无毛鼹鼠可能掌握着长寿的秘诀,它们的寿命可达到30年,超过了任何啮齿类动物的寿命
鼹鼠看上去并不是漂亮的动物,但是最新研究发现无毛鼹鼠可能掌握着长寿的秘密,它们的寿命可达到30年,比任何啮齿类动物的寿命都长。相关论文发表在美国《国家科学院院刊》(PNAS)上。
身体组织老化现象是由于体内产生氧化物所导致的,这些氧化物将逐渐磨损DNA分子和蛋白质,当氧化物磨损了分子之后,再去破坏身体细胞。虽然无毛鼹鼠与老鼠相比,它们体内的氧化物含量十分接近,但是无毛鼹鼠的寿命却是老鼠的3.5倍。
美国德克萨斯州保健科学中心的罗谢尔·巴芬斯滕(Rochelle Buffenstein)和同事们对无毛鼹鼠进行了深入研究,他们从无毛鼹鼠和老鼠身体上提取了肝脏组织,并施用化学药物,“拆散”肝脏组织中的蛋白质,从而揭示受损状况。他们发现无毛鼹鼠体内未受损的蛋白质数量是老鼠的两倍,这意味着无毛鼹鼠的蛋白质循环体系非常活跃。
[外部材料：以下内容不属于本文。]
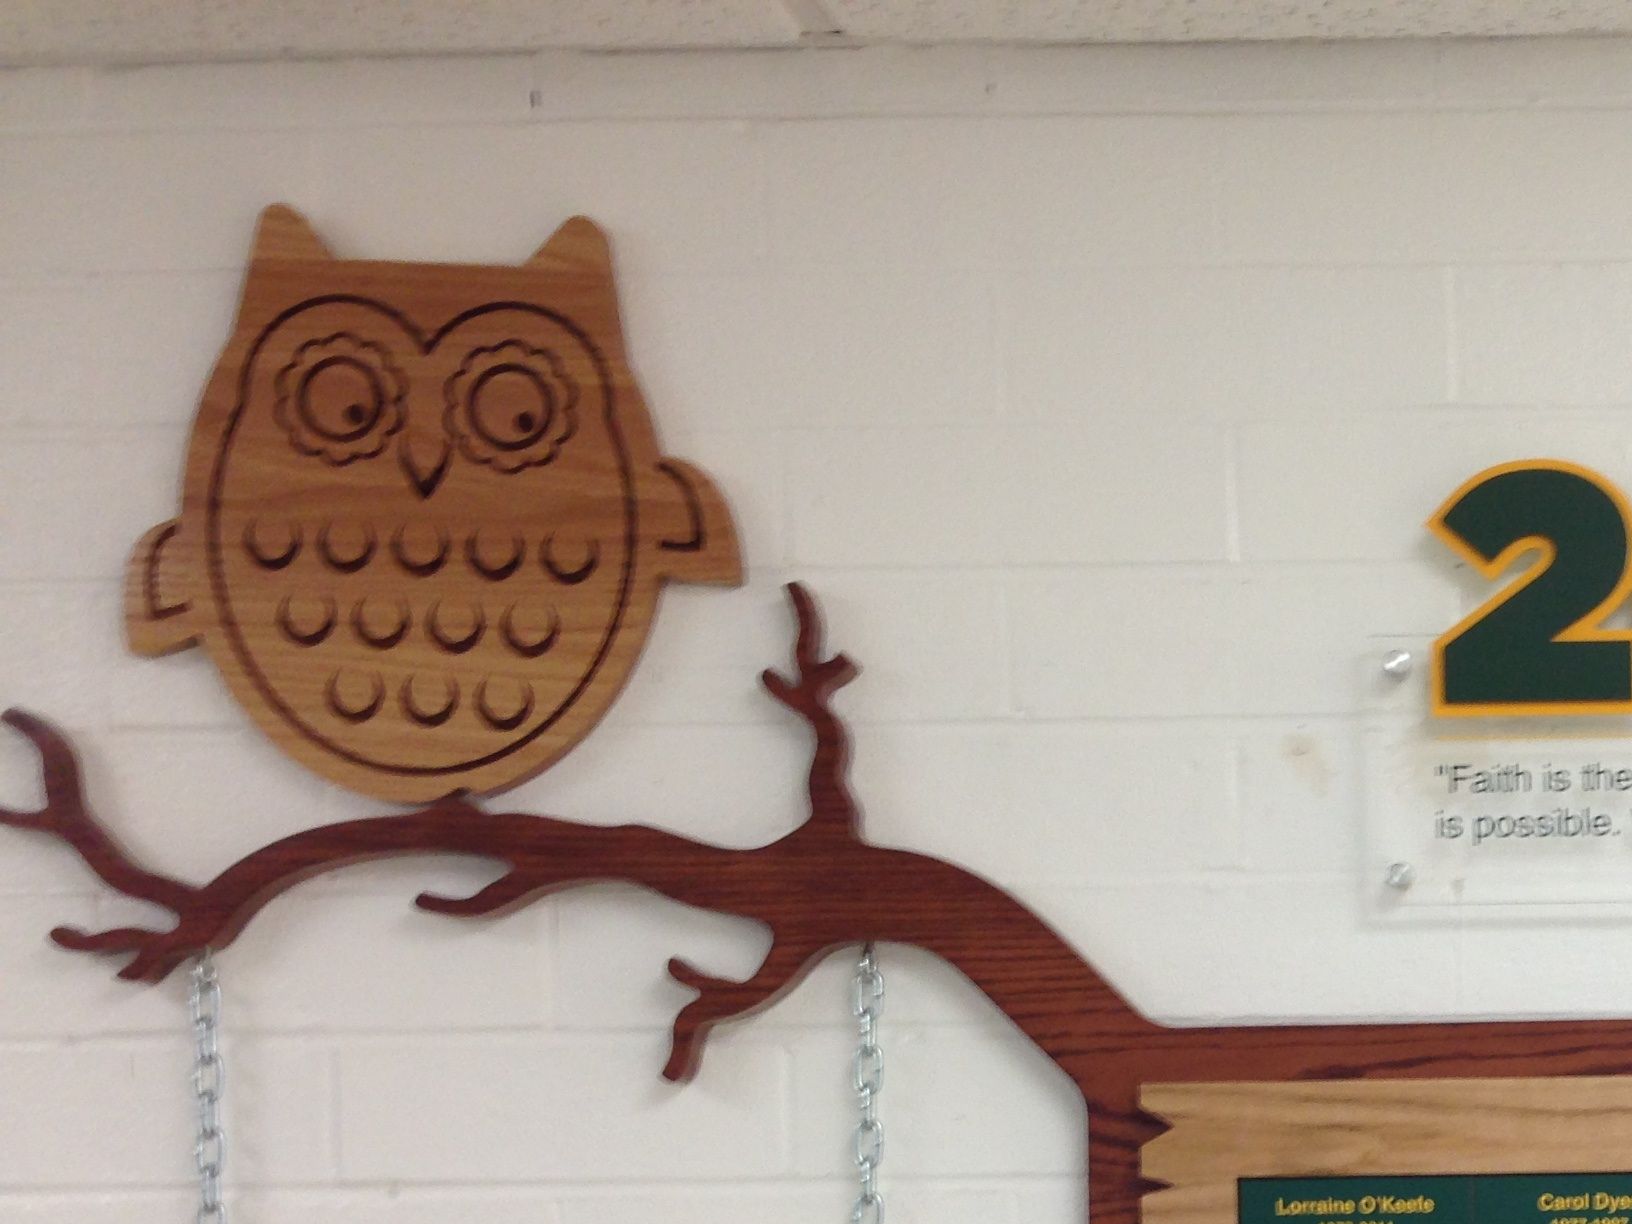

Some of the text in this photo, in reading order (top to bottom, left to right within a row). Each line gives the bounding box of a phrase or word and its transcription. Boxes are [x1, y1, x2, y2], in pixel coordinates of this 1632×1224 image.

研究小组猜测无毛鼹鼠能够制造出一些额外数量的分子,用于标注受损的蛋白质,从而加快了体内蛋白质循环体系,并将受损蛋白质对细胞的影响降至最低。研究人员希望进一步的研究能够鉴别和测试这些特殊分子,尽可能地用于人类抗衰老的药物研究中。(生物谷Bioon.com)
生物谷推荐原始出处:
PNAS February 17, 2009, doi: 10.1073/pnas.0809620106
Protein stability and resistance to oxidative stress are determinants of longevity in the longest-living rodent, the naked mole-rat
Viviana I. Péreza,b, Rochelle Buffensteina,b,c,d,1, Venkata Masamsettib, Shanique Leonardb, Adam B. Salmonb, James Meleb,c, Blazej Andziakd, Ting Yangd, Yael Edreyd, Bertrand Friguete, Walter Wardb,c, Arlan Richardsona,b,f and Asish Chaudhurib,f,g,1
aDepartments of aCellular and Structural Biology,
gBiochemistry, and
cPhysiology, and
bBarshop Institute for Longevity and Aging Studies, University of Texas Health Science Center, San Antonio, TX 78229;
fGeriatric Research Education and Clinical Center, South Texas Veterans Health Care System, San Antonio, TX 78284;
eLaboratoire de Biologie et Biochimie Cellulaire du Vieillissement, EA 3106, IFR 117, Université Paris 7, Denis Diderot, 2 Place Jussieu, 75251 Paris Cedex 05, France; and
dDepartment of Biology, Graduate School of the City University of New York, New York, NY 10016
Edited by Eviatar Nevo, University of Haifa, Haifa, Israel, and approved January 7, 2009 (received for review October 2, 2008)
Abstract
The widely accepted oxidative stress theory of aging postulates that aging results from accumulation of oxidative damage. Surprisingly, data from the longest-living rodent known, naked mole-rats [MRs; mass 35 g; maximum lifespan (MLSP) > 28.3 years], when compared with mice (MLSP 3.5 years) exhibit higher levels of lipid peroxidation, protein carbonylation, and DNA oxidative damage even at a young age. We hypothesize that age-related changes in protein structural stability, oxidation, and degradation are abrogated over the lifespan of the MR. We performed a comprehensive study of oxidation states of protein cysteines [both reversible (sulfenic, disulfide) and indirectly irreversible (sulfinic/sulfonic acids)] in liver from young and old C57BL/6 mice (6 and 28 months) and MRs (2 and >24 years). Furthermore, we compared interspecific differences in urea-induced protein unfolding and ubiquitination and proteasomal activity. Compared with data from young mice, young MRs have 1.6 times as much free protein thiol groups and similar amounts of reversible oxidative damage to cysteine. In addition, they show less urea-induced protein unfolding, less protein ubiquitination, and higher proteasome activity. Mice show a significant age-related increase in cysteine oxidation and higher levels of ubiquitination. In contrast, none of these parameters were significantly altered over 2 decades in MRs. Clearly MRs have markedly attenuated age-related accrual of oxidation damage to thiol groups and age-associated up-regulation of homeostatic proteolytic activity. These pivotal mechanistic interspecies differences may contribute to the divergent aging profiles and strongly implicate maintenance of protein stability and integrity in successful aging.